Case Presentation
A 45-year-old male with no prior medical history was diagnosed with AS about ten years ago following bilateral Achilles tendonitis, rupture of the left Achilles tendon, inflammatory low back pain, positive HLA B27, and increased inflammatory markers. Sacroiliac X-ray showed bilateral Sacroiliitis (Figure 1), then he was managed with Sulfasalazine and NSAID at anti-inflammatory. About one year ago, the case felt tingling and numbness, firstly in the upper limbs and then in the lower limbs. Upon consultation with a rheumatologist, he underwent tests such as EMG-NCV, vitamin B12, and folate levels. EMG-NCV result showed axonal-type sensory-motor polyneuropathy and laboratory tests demonstrated a normal range of vitamin B12 and folate levels. Laboratory tests showed in Table 1.

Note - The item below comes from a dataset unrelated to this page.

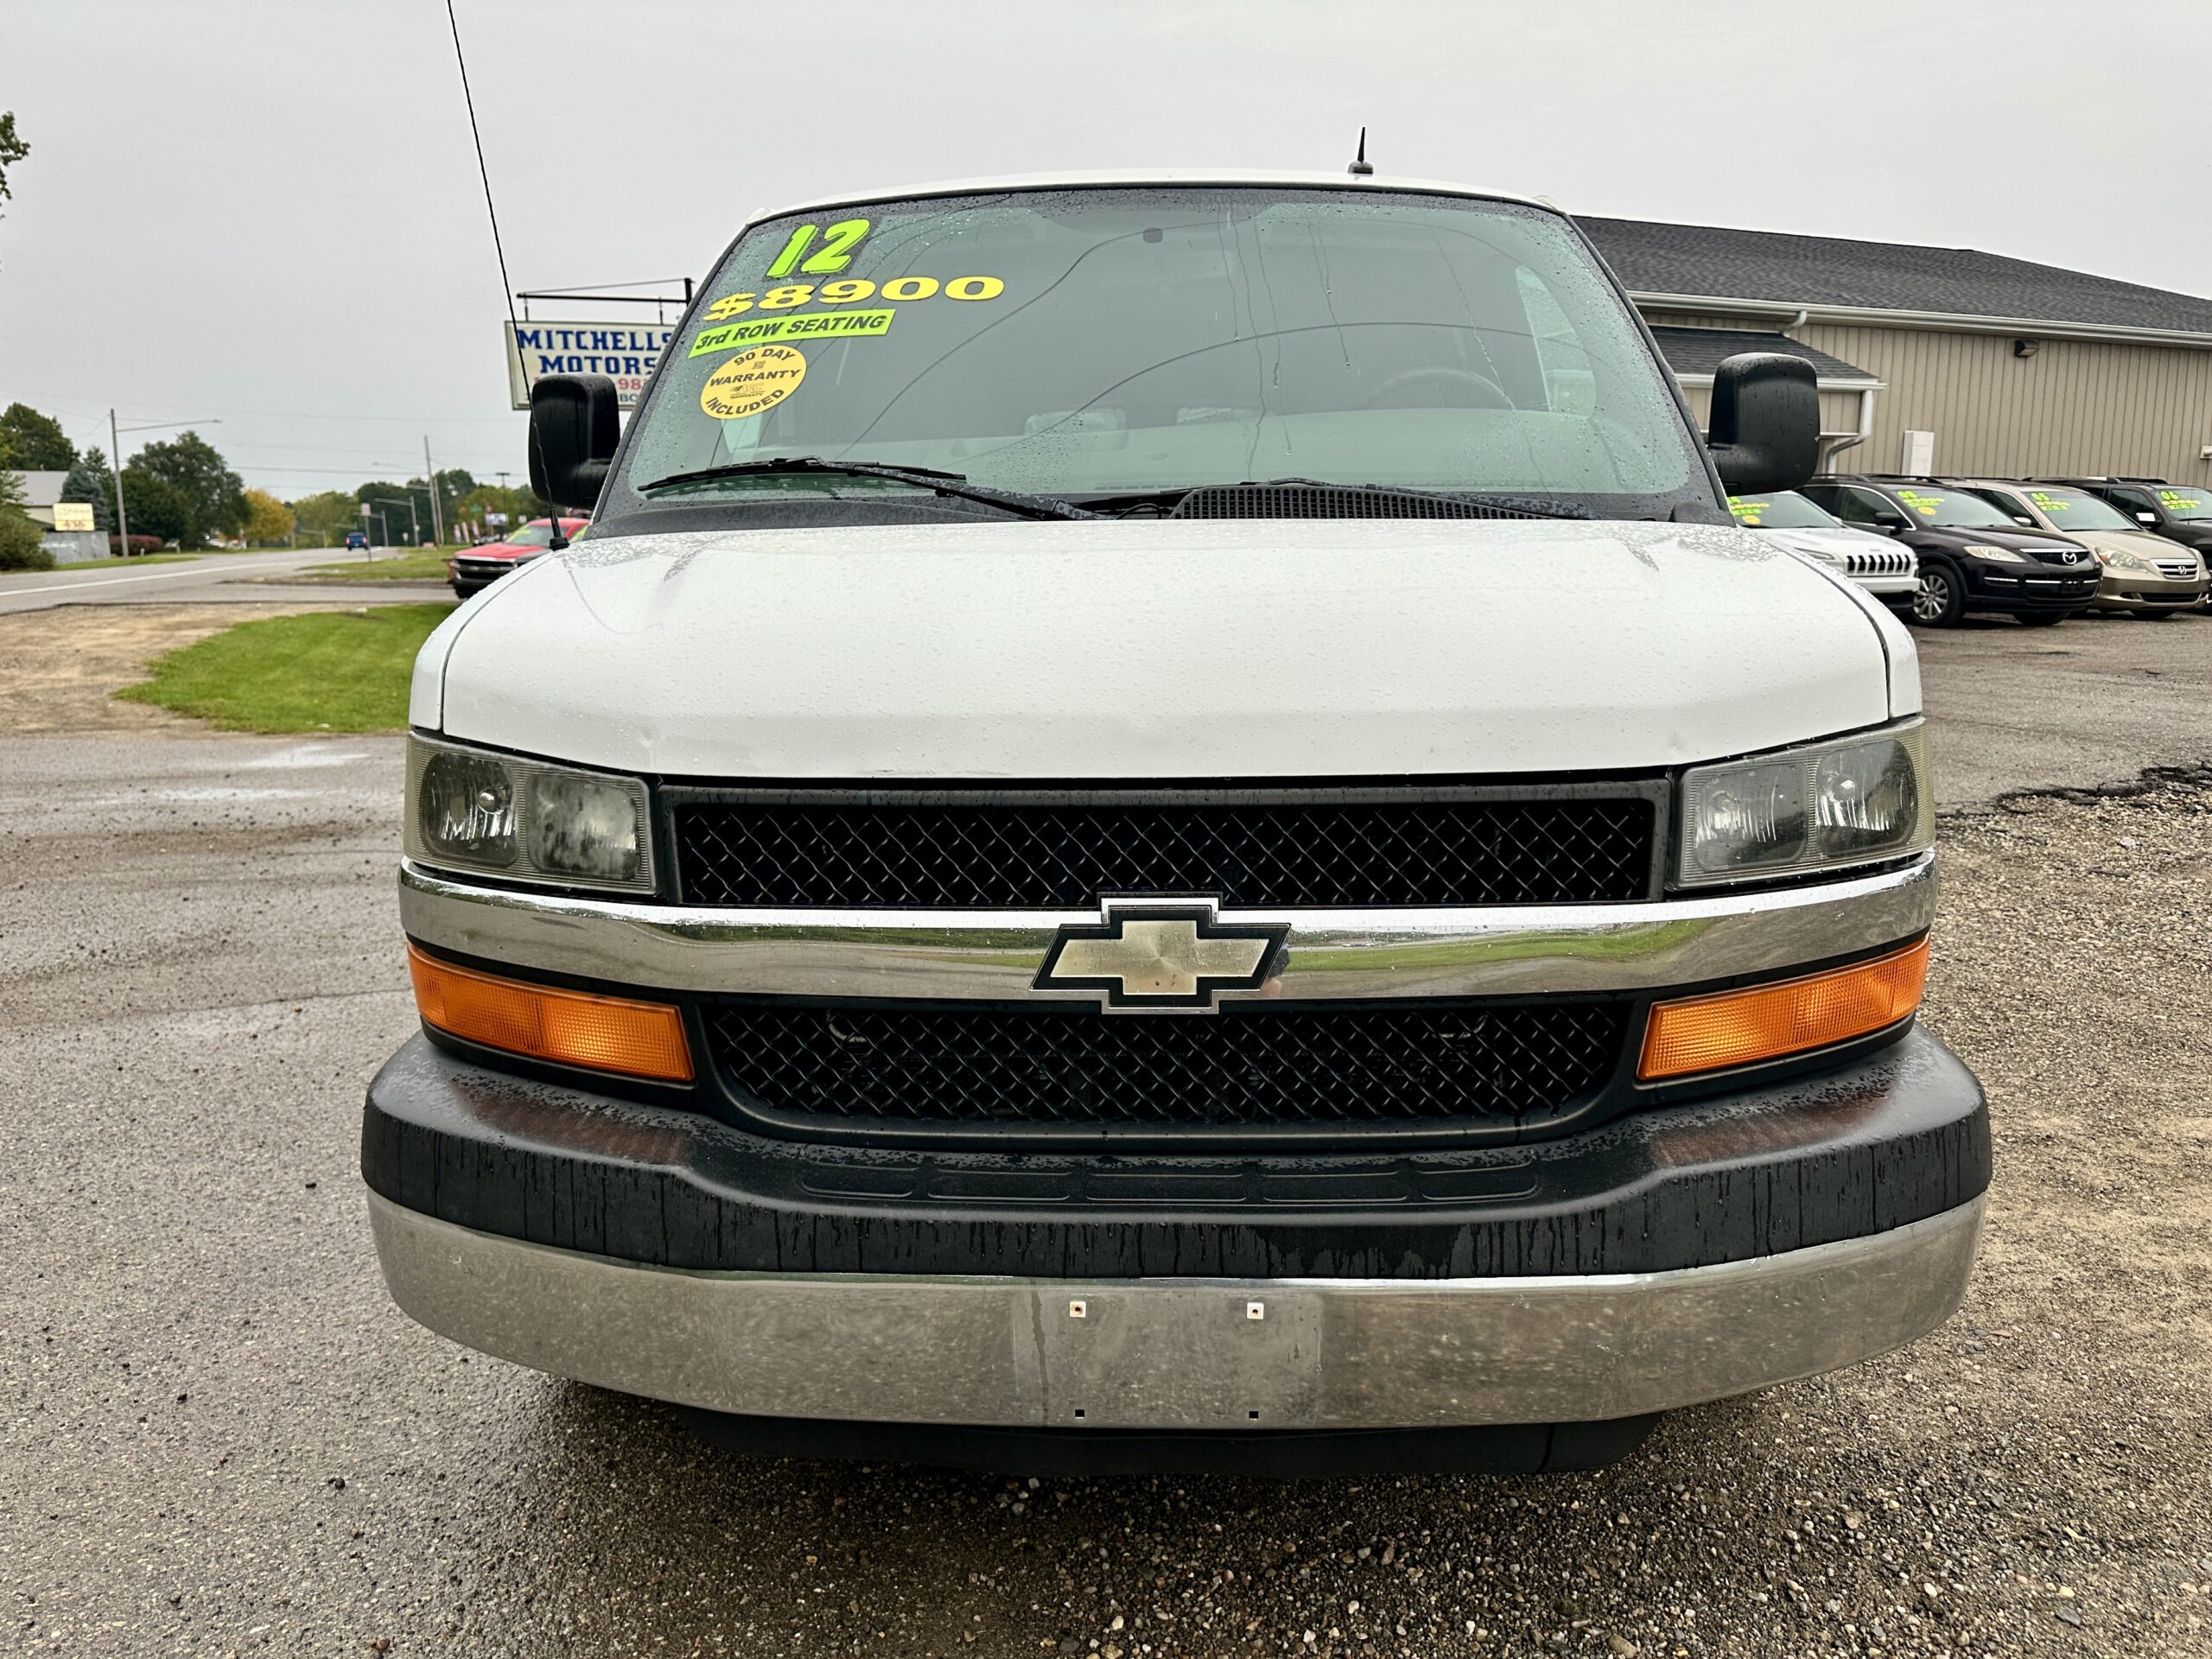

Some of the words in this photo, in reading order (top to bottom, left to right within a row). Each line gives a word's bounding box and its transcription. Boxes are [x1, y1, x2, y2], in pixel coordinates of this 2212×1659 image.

Considering the inconsistency between the patient’s neuropathy and AS, additional examinations were performed, including CT scans of the lungs, abdomen, and pelvis and tumor marker tests to investigate the possibility of malignancy. The tumor markers range is shown in Table 1. All requested tests demonstrated normal results, and the criteria for demyelinating neuropathy were absent in the EMG-NCV; this neuropathy subtype was not considered a potential etiology. Eventually, based on the findings, no justification for the patient’s neuropathy was identified, and the absence of any secondary cause was proposed as the etiology; hence, AS considers an etiology of Axonal Sensory-Motor Polyneuropathy, a rare presentation for this disease.